▽

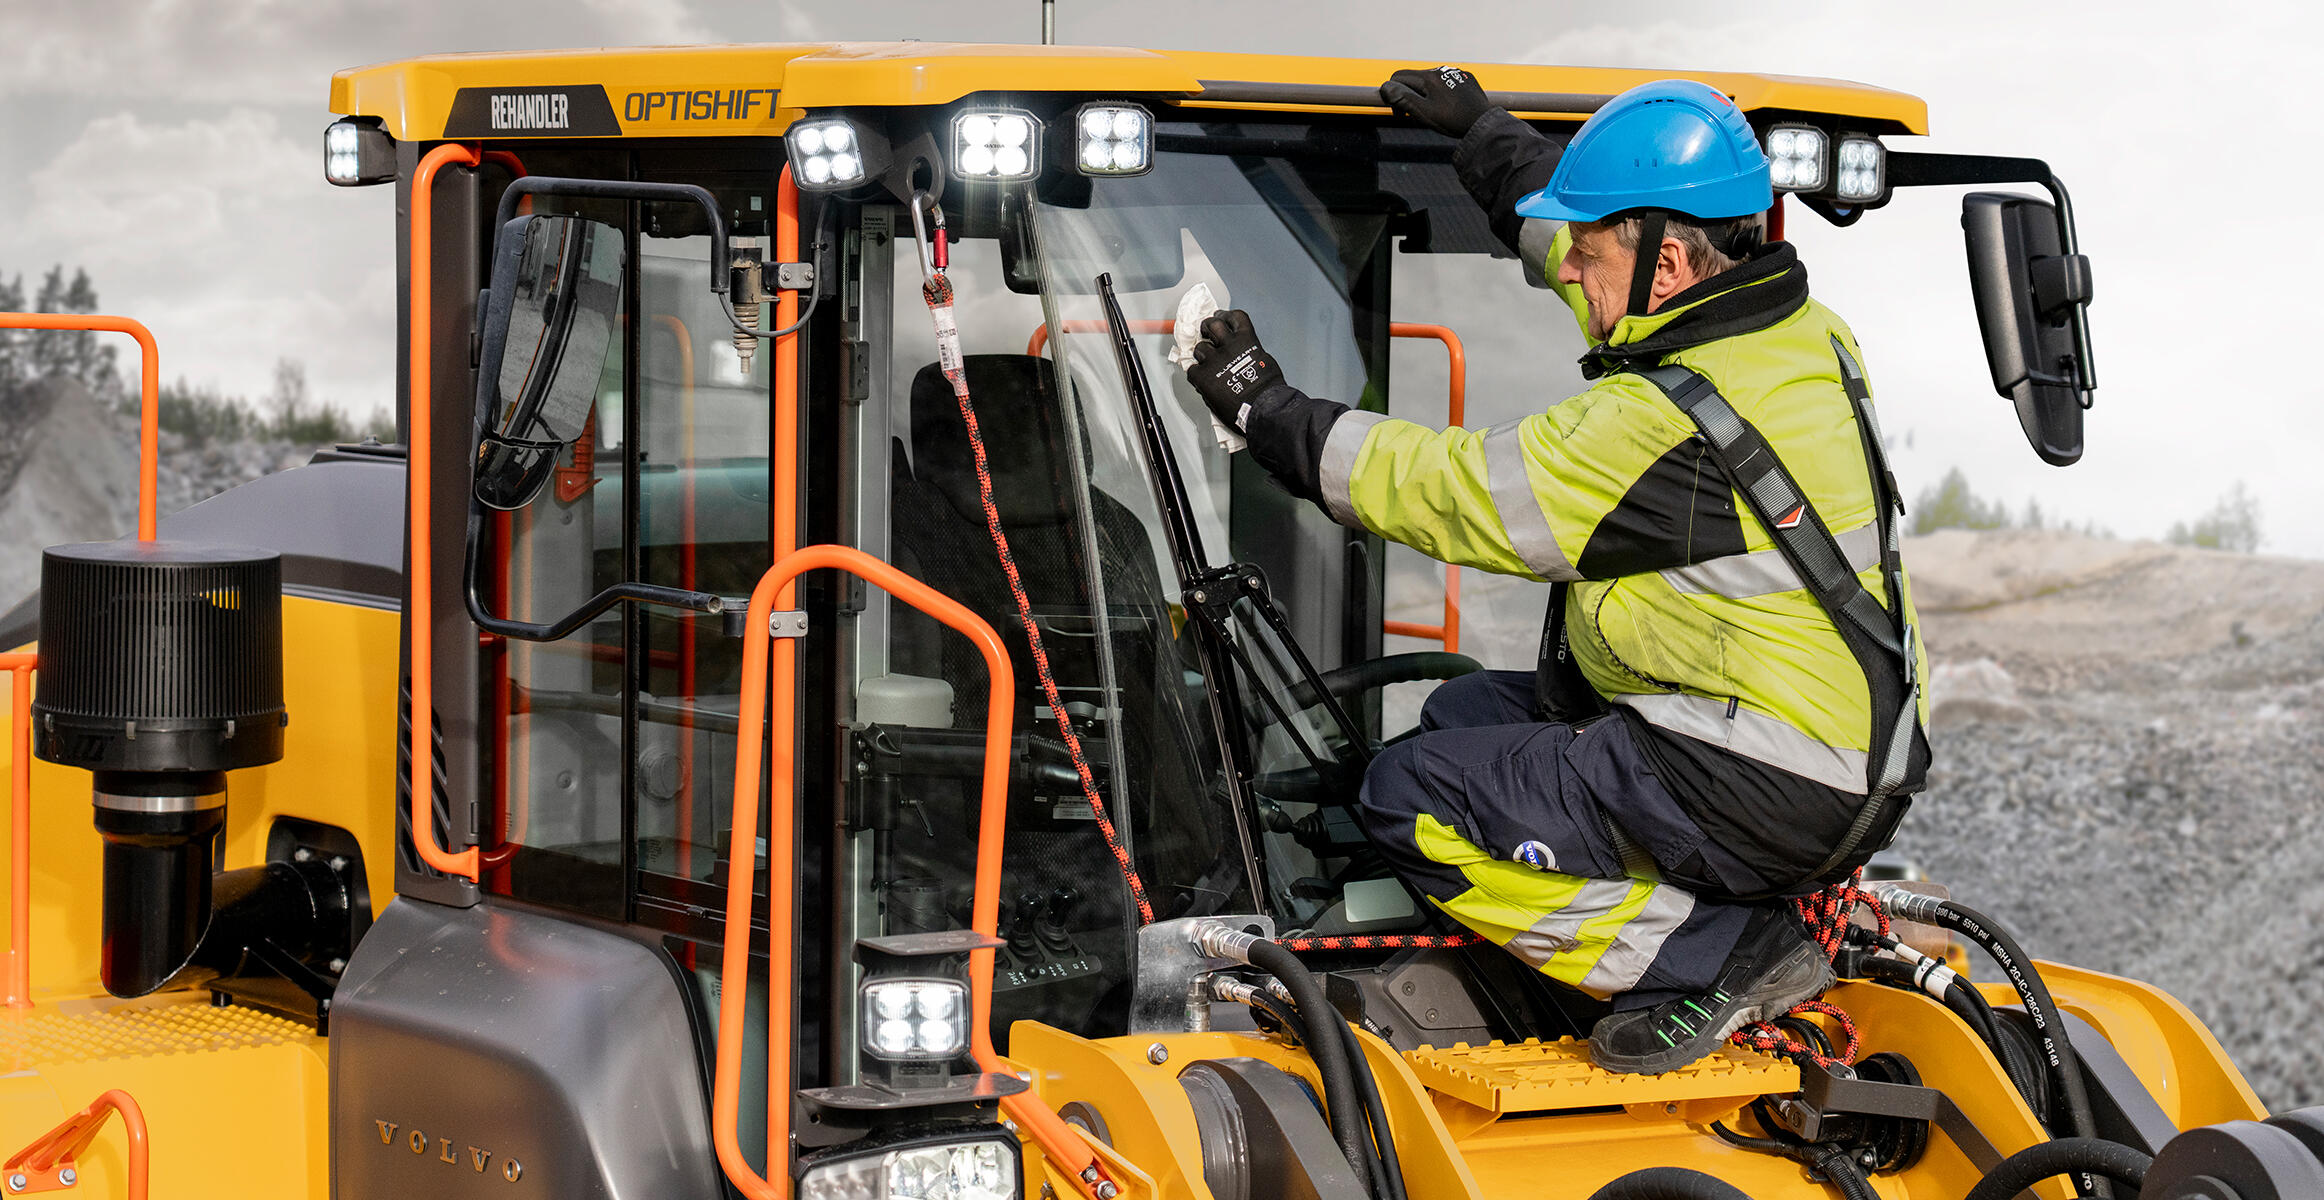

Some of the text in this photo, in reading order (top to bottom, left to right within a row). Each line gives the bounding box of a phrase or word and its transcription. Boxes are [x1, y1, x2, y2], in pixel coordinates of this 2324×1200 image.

[491, 94, 569, 129] REHANDLER
[624, 89, 781, 122] OPTISHIFT
[1948, 909, 1961, 922] bar
[1962, 918, 1979, 935] 5510
[1991, 942, 2012, 969] MSHA
[2043, 1037, 2060, 1067] 43148
[375, 1119, 523, 1183] VOLVO

△

Your task:
Transcribe the listing word for word, but keep its pictures out of the copy.

Problem solution:
Some of the text in this photo, in reading order (top to bottom, left to right within a row). Each line gives the bounding box of a phrase or word and its transcription. Boxes are [x1, y1, x2, y2], in pixel coordinates of this 2324×1200 image.

[491, 94, 569, 129] REHANDLER
[624, 89, 781, 122] OPTISHIFT
[1948, 909, 1961, 922] bar
[1962, 918, 1979, 935] 5510
[1991, 942, 2012, 969] MSHA
[2043, 1037, 2060, 1067] 43148
[375, 1119, 523, 1183] VOLVO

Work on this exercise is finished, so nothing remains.